The Jiffy Lube Metropolis
I often think about all the land that’s used up by cars in a city.
I’m not just talking about the public roads and highways. I mean the private property that is exclusively devoted to cars in one way or another. Even a fairly old pedestrian oriented city like San Francisco has a huge amount of car based establishments. You never see images like these on a postcard. But if lots of people own and drive cars the city needs a certain number of gas stations, muffler shops, parking lots, and car washes.
Victorian era builders didn’t construct gas stations. At one time these streets were lined with grand homes and businesses that were incrementally torn down and replaced with new auto-oriented establishments. People often forget that San Francisco went into serious decline for a few decades after World War II and followed the same general trajectory as many other industrial port cities like Cleveland and Detroit. There was a time in the economic and cultural history of the city when traditional buildings were out of fashion and economic liabilities. It made sense to clear away underperforming buildings to make way for more productive and profitable structures.
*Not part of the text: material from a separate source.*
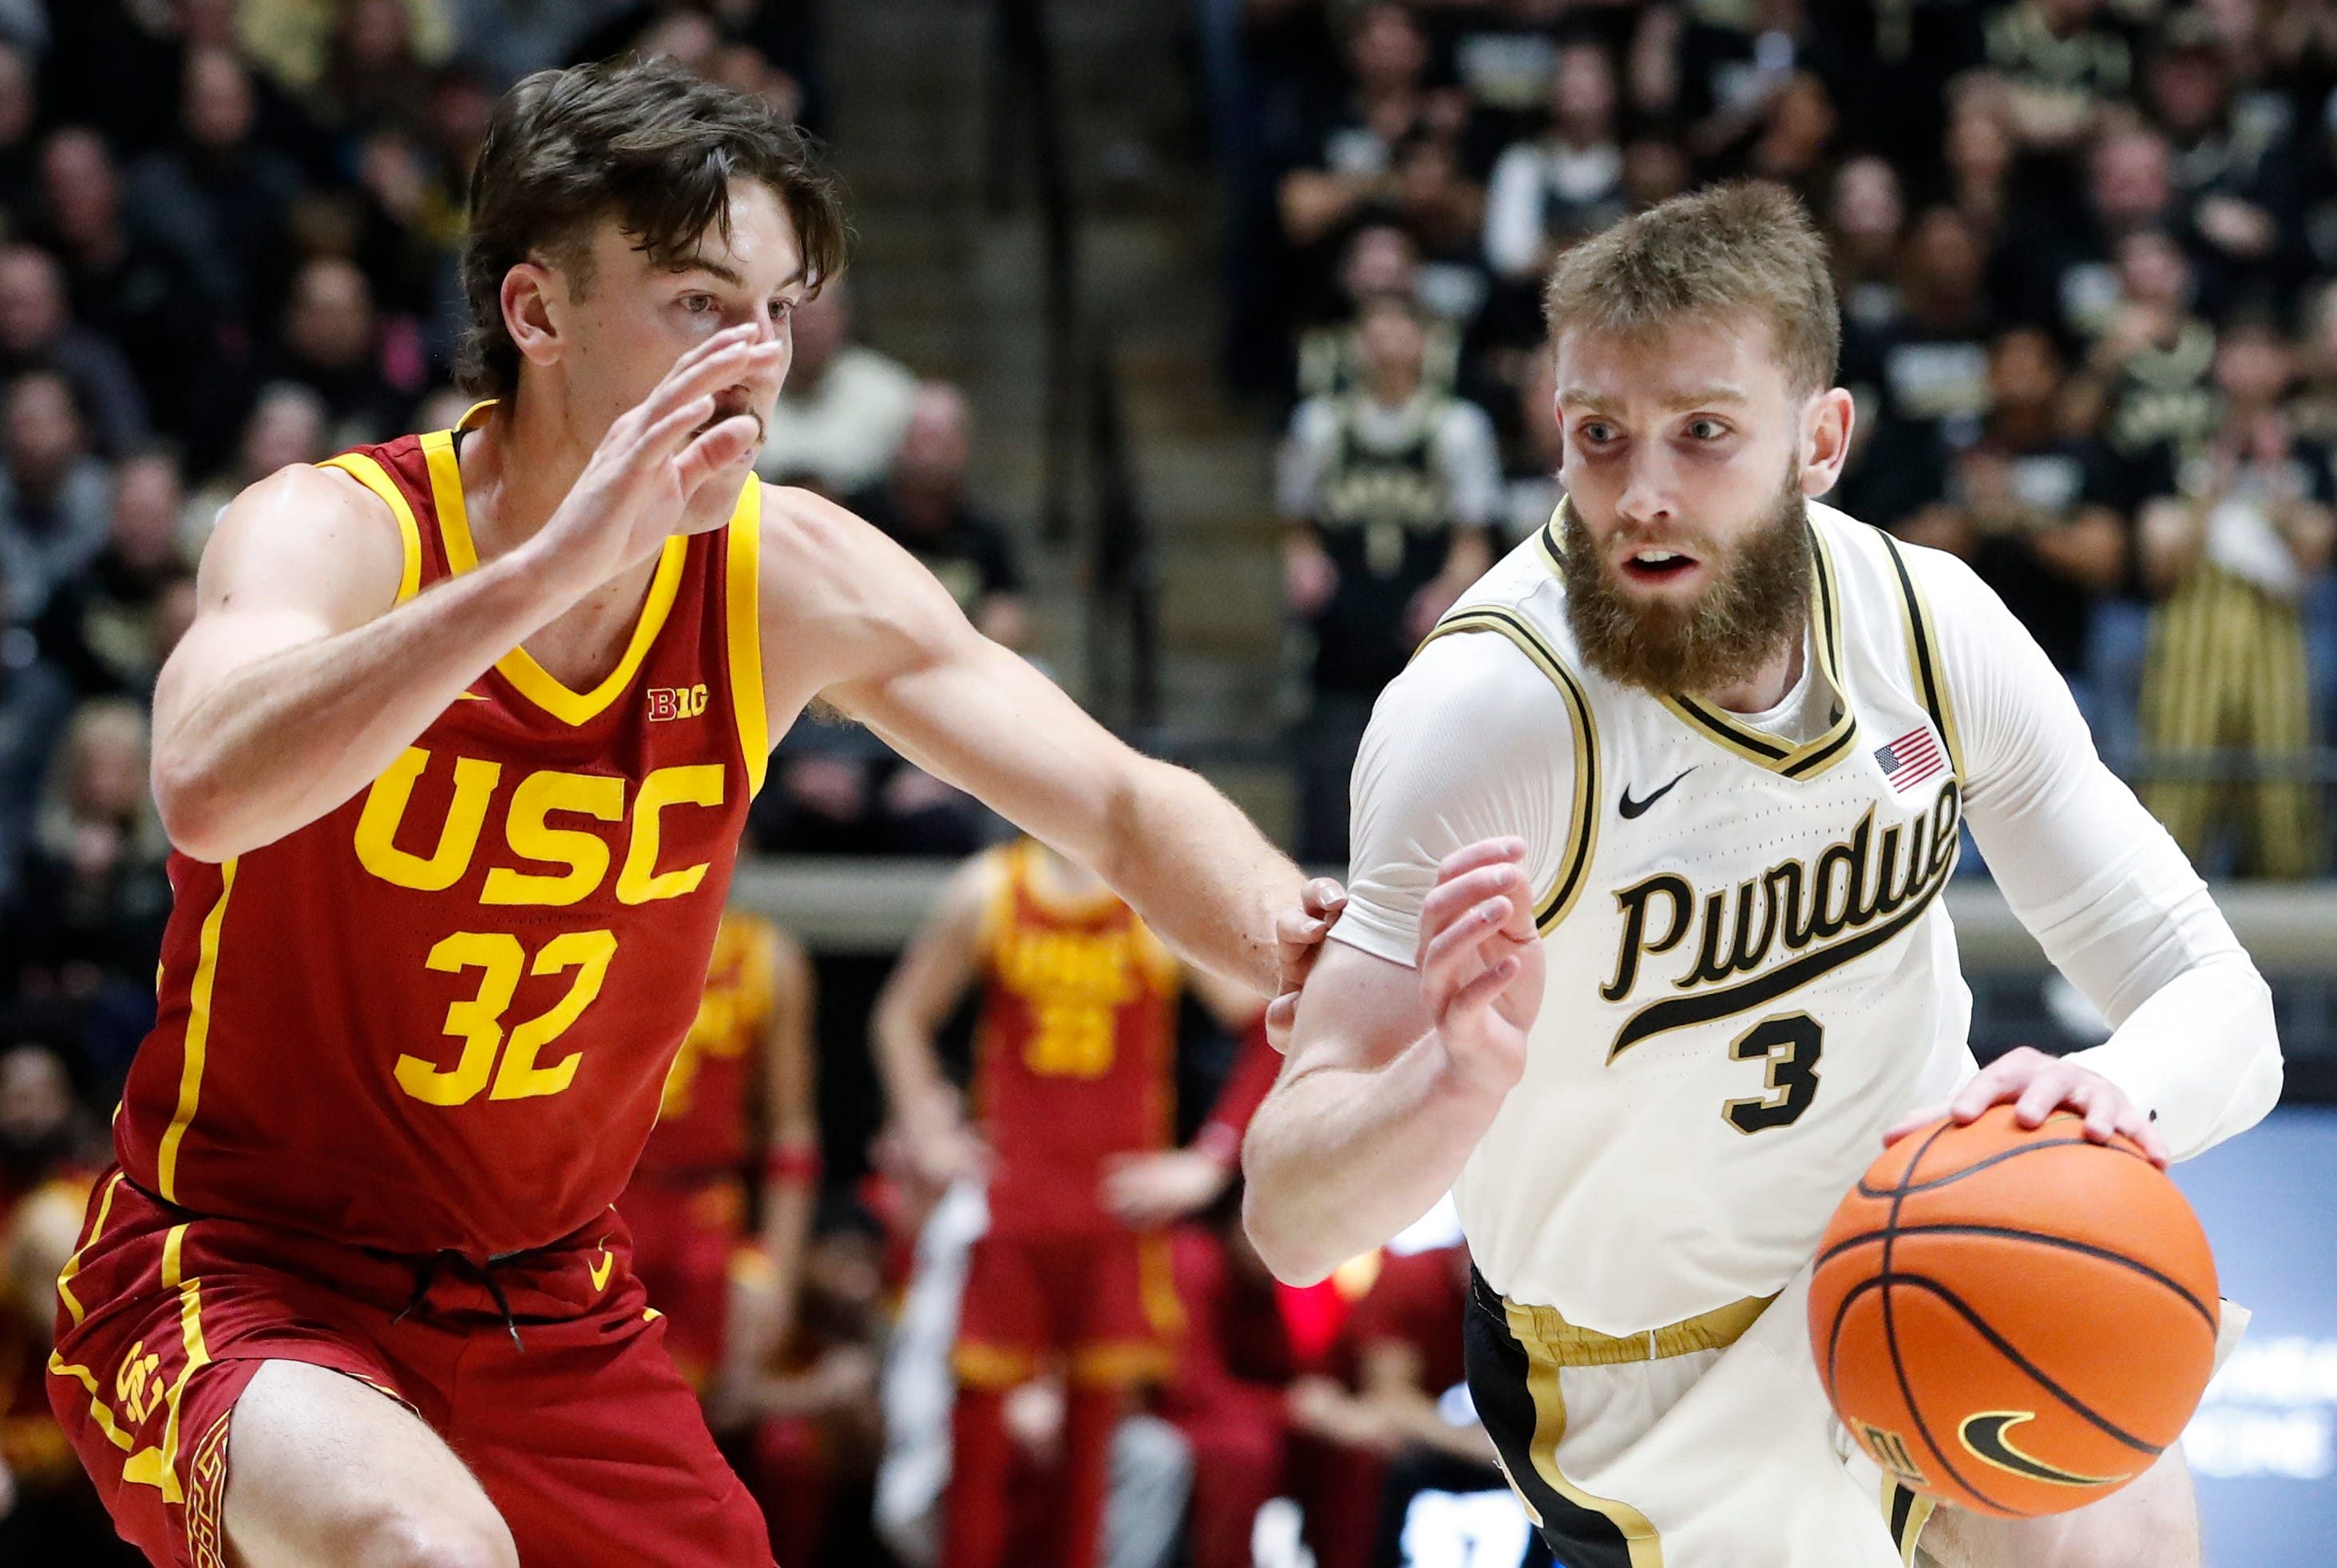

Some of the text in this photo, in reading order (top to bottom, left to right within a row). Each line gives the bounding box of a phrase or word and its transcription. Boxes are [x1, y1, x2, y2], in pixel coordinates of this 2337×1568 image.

San Francisco’s economy recovered sooner and stronger than most other inner cities. Today real estate in once undervalued neighborhoods is astonishingly expensive. The culture has changed and so has market demand. As a result many aging gas stations, auto repair shops, and parking lots are being converted back to residential buildings – many incorporating retail shops on the ground floor.
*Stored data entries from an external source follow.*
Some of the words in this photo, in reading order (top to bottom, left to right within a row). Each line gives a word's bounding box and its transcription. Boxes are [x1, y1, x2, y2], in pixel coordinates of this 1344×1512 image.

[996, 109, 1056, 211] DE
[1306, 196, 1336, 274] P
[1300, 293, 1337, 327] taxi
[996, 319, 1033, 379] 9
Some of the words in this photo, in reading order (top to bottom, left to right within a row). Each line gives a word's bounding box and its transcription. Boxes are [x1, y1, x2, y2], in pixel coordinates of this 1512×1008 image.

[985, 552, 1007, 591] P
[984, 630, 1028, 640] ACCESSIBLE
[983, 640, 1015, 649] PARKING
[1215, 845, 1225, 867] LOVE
This particular auto repair joint sat vacant for years. It’s finally been removed and new construction has begun. On average it takes a full decade to get zoning and planning permission to build anything in San Francisco. Absolutely nothing is legal as-of-right so zoning hearings, environmental impact reports, and an endless number of review boards must be worked through before permits are finally issued. This involves an army of consulting engineers, architects, lawyers, professional fixers, and middle men to grease the wheels of the system. All of that costs serious money.
And then there are the inevitable community activist groups and social justice demonstrators who lobby and sue to get the approved building stymied because the city needs more affordable housing rather than luxury condos. A common form of detente involves a few of the new apartments being set aside as workforce or affordable housing in order to move the project forward. These new buildings must be fantastically expensive by the time they hit the market in order to justify the massive up front costs, otherwise no one would ever bother to build anything. Keep in mind, no one ever lived in the old Jiffy Lube.
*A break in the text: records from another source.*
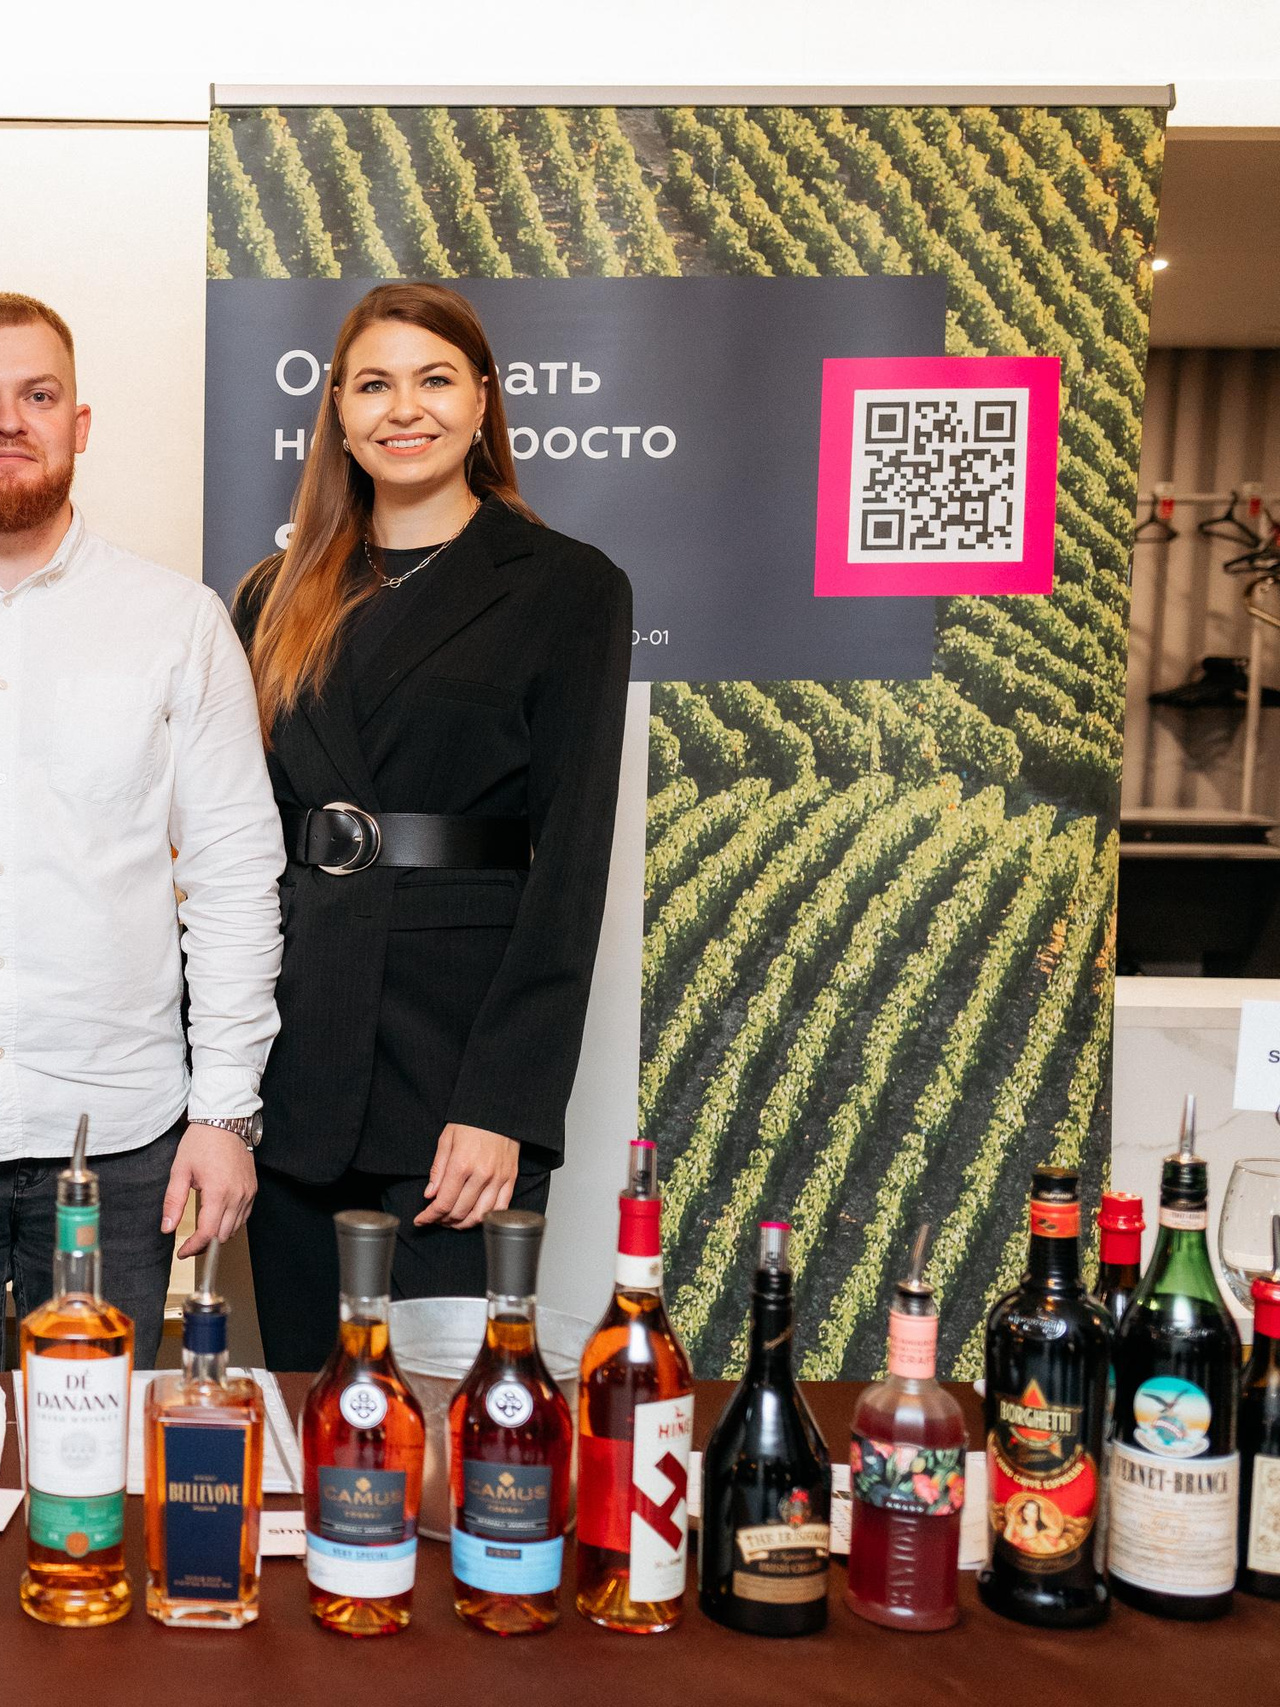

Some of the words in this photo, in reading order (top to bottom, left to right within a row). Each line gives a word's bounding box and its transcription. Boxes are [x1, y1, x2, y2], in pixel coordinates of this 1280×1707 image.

[36, 1392, 120, 1413] DANANN
[999, 1400, 1072, 1433] BORGHETTI
[168, 1481, 239, 1506] BELLEVOYE
[323, 1484, 402, 1507] CAMUS
[467, 1479, 547, 1501] CAMUS
[743, 1533, 774, 1548] THE
Here are some comparisons of buildings that went up a century or more ago and new buildings currently under construction. The overall size, shape, and uses are nearly identical. These construction sites were most often occupied by parking lots and gas stations for the last several decades. That’s the low hanging fruit. People may strenuously object to the demolition of an historic building, but there’s less push back when a fifty year old Shell station goes away.
And here’s the context for these new buildings. What we’re witnessing isn’t a modern aberration of multi story buildings being imposed on the traditional city. It’s actually a return to the historic pattern after an odd twentieth century hiatus. The car-oriented land use pattern was the real anomaly.